A verbatim printing of the entries that follow is needed; pictures must not appear in it.

··········

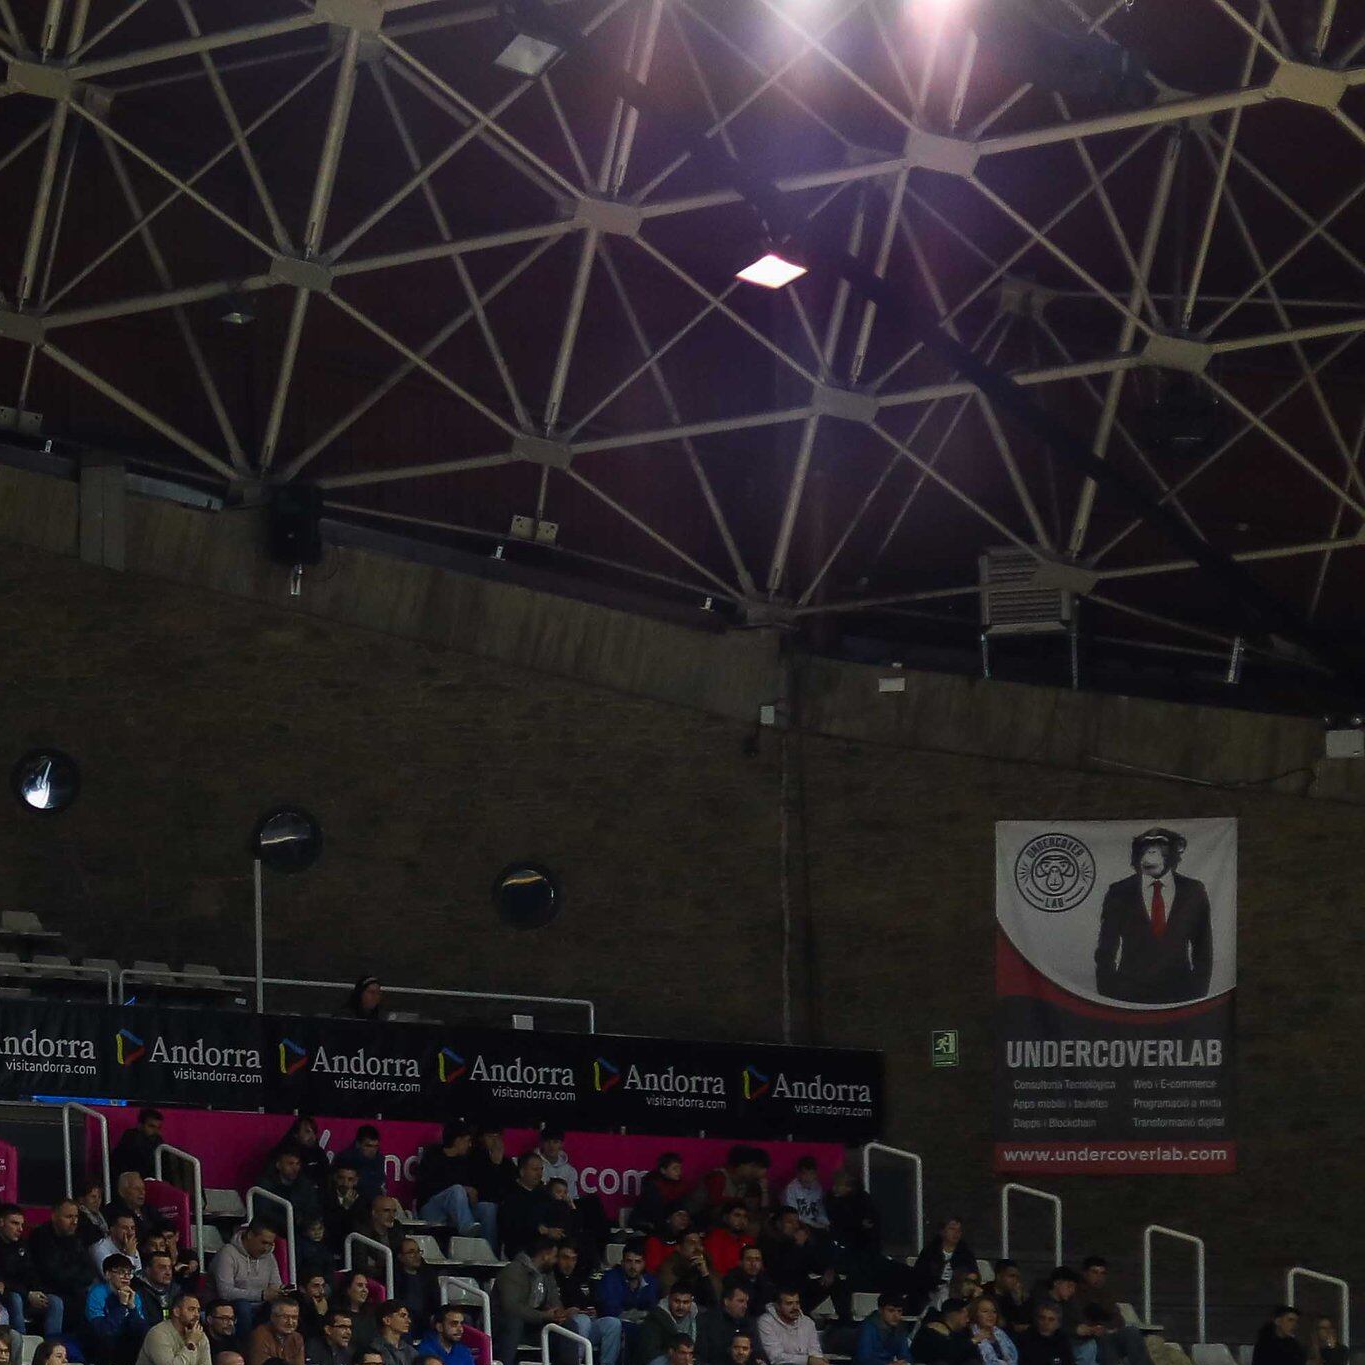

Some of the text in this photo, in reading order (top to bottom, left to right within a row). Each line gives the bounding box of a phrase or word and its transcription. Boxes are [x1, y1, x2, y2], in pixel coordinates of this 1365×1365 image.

[149, 1036, 262, 1069] Andorra
[311, 1045, 421, 1078] Andorra
[1006, 1039, 1223, 1068] UNDERCOVERLAB
[6, 1059, 97, 1076] visitandorra.com
[173, 1067, 263, 1085] visitandorra.com
[470, 1054, 576, 1087] Andorra
[334, 1076, 421, 1094] visitandorra.com
[623, 1063, 727, 1095] Andorra
[772, 1072, 872, 1103] Andorra
[492, 1085, 576, 1101] visitandorra.com
[645, 1093, 727, 1110] visitandorra.com
[794, 1101, 873, 1118] visitandorra.com
[1004, 1147, 1227, 1162] www.undercoverlab.com

··········

◆ Exercise answer:
Some of the text in this photo, in reading order (top to bottom, left to right within a row). Each line gives the bounding box of a phrase or word and its transcription. Boxes are [x1, y1, x2, y2], in pixel coordinates of this 1365×1365 image.

[149, 1036, 262, 1069] Andorra
[311, 1045, 421, 1078] Andorra
[1006, 1039, 1223, 1068] UNDERCOVERLAB
[6, 1059, 97, 1076] visitandorra.com
[173, 1067, 263, 1085] visitandorra.com
[470, 1054, 576, 1087] Andorra
[334, 1076, 421, 1094] visitandorra.com
[623, 1063, 727, 1095] Andorra
[772, 1072, 872, 1103] Andorra
[492, 1085, 576, 1101] visitandorra.com
[645, 1093, 727, 1110] visitandorra.com
[794, 1101, 873, 1118] visitandorra.com
[1004, 1147, 1227, 1162] www.undercoverlab.com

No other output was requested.